Stock sash are not usually as well made as custom-made sash should be, nor are they usually glazed with the best quality of glass, and for these reasons they should not be used in first-class buildings. For many buildings, however, they may be used with reasonable satisfaction, and with a considerable saving in the cost of the building, so that it is well for the average architect to know about them.
* The prices in this table are based on a discount of 80 per cent for plate glass, 60 per cent, for American sheet glass and 50 per cent, for 26 ounce crystal sheet.
The sizes and details of stock windows vary in different localities, and if the architect has occasion to use them he should obtain a catalogue from a lumber dealer, giving the stock sizes carried in that locality.
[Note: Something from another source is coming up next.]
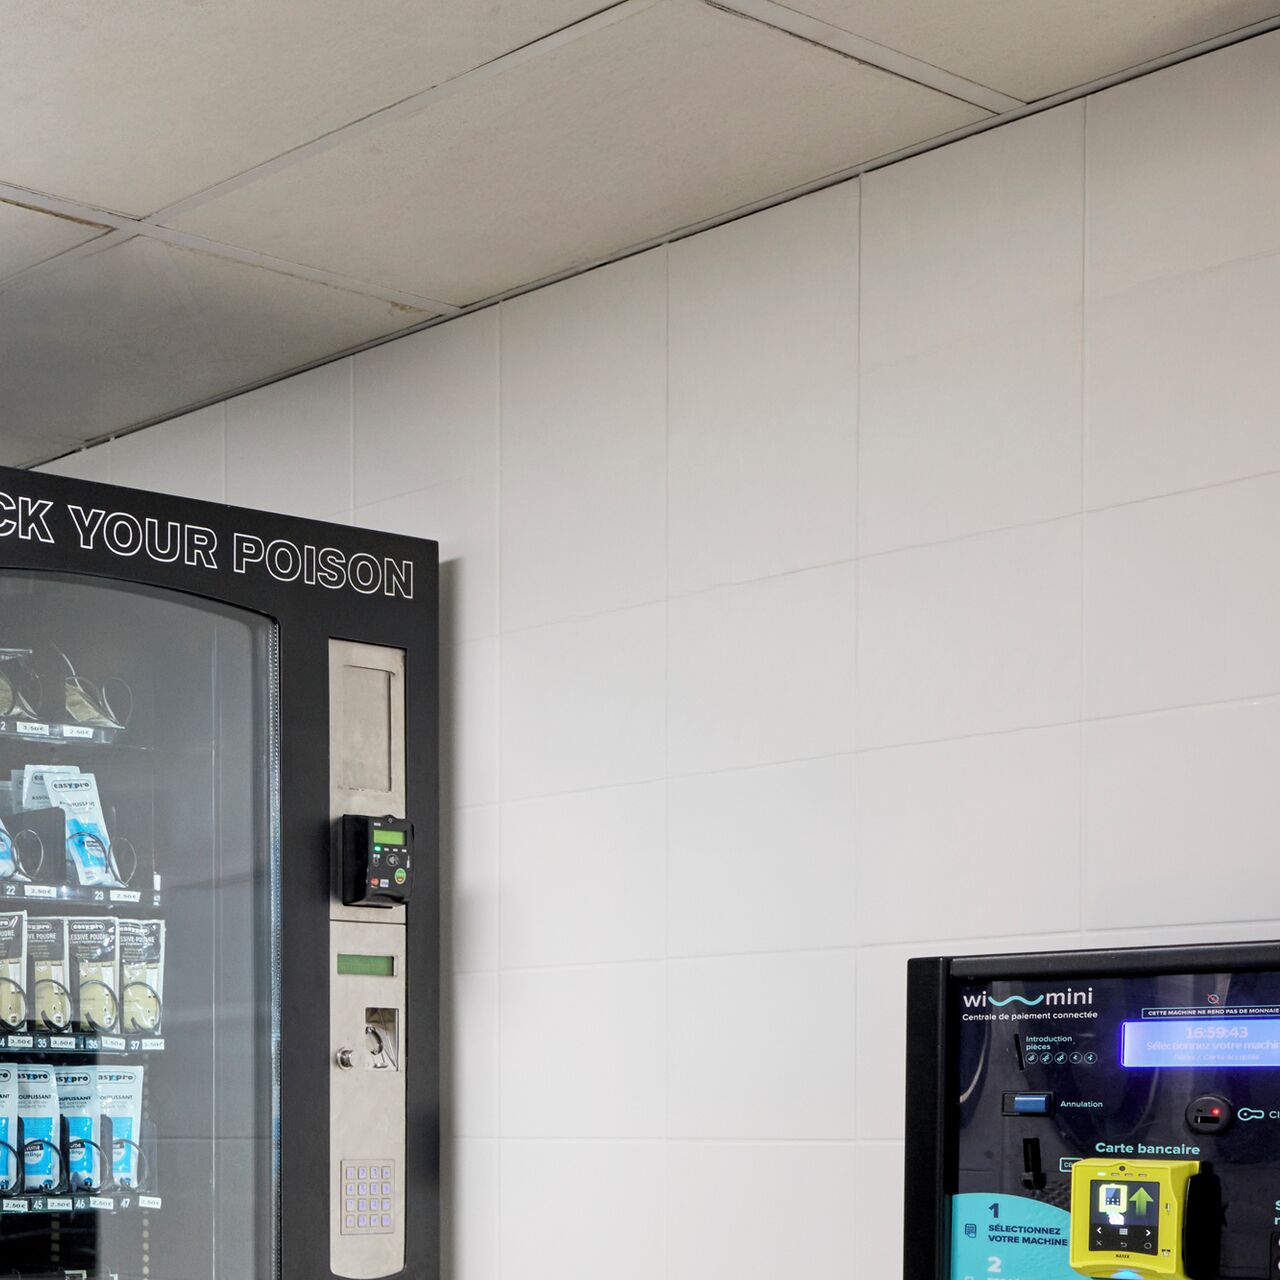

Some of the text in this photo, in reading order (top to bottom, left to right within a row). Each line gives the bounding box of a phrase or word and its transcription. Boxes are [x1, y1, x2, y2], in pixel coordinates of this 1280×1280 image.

As a rule, double-hung windows may be obtained with two, four, eight and twelve lights to the window, and in two thicknesses of sash. Two-light windows are generally made for glass sizes from 16x24 inches to 30x40 inches; four-light windows, from 10x20 inches to 15x32 inches; eight-light windows, from 9x12 inches to 14x24 inches, and twelve-light windows, from 8x10 inches to 12x24 inches.
The nominal thickness of stock sash varies in different localities. In the Western and Northwestern States the stock thicknesses are 1 3/8 inch and 1¾ inch, although not all dealers carry the 1¾ inch thickness. In Pennsylvania stock sash are made in 1 ¼ and 1 ½-inch thicknesses, and in Boston four and twelve-light windows are made in 1 ¼-, 13/8 and 1 ½-inch thicknesses, while the two-light and eight-light windows are made only in one thickness, 1 ½ inch. The Western sash generally run about 1/16 inch scant. Almost all stock windows are made for 3/8-inch parting strips.
Cellar sash are usually made in one, two and three lights, the size of the glass generally varying from 7x9 inches to 12x18 inches. These sash are generally made only in one thickness, 1 ¼ inch.
Stock sash are almost invariably sold already glazed, and, as a rule, both single and double-strength windows are carried in stock, but with only one quality of glass. In specifying or ordering stock sash, therefore, it is necessary to specify the number of lights to the window, the size of the lights, the thickness of the sash, and whether single or double-strength glass is wanted.
In the Middle and Western States two-light stock windows are 4 inches wider and 6 inches higher than the width and combined height of the glass, with a slight increase in the width for four, eight and twelve lights. In New England all stock sash are made 3 5/8 inches wider and 5 inches higher than the glass.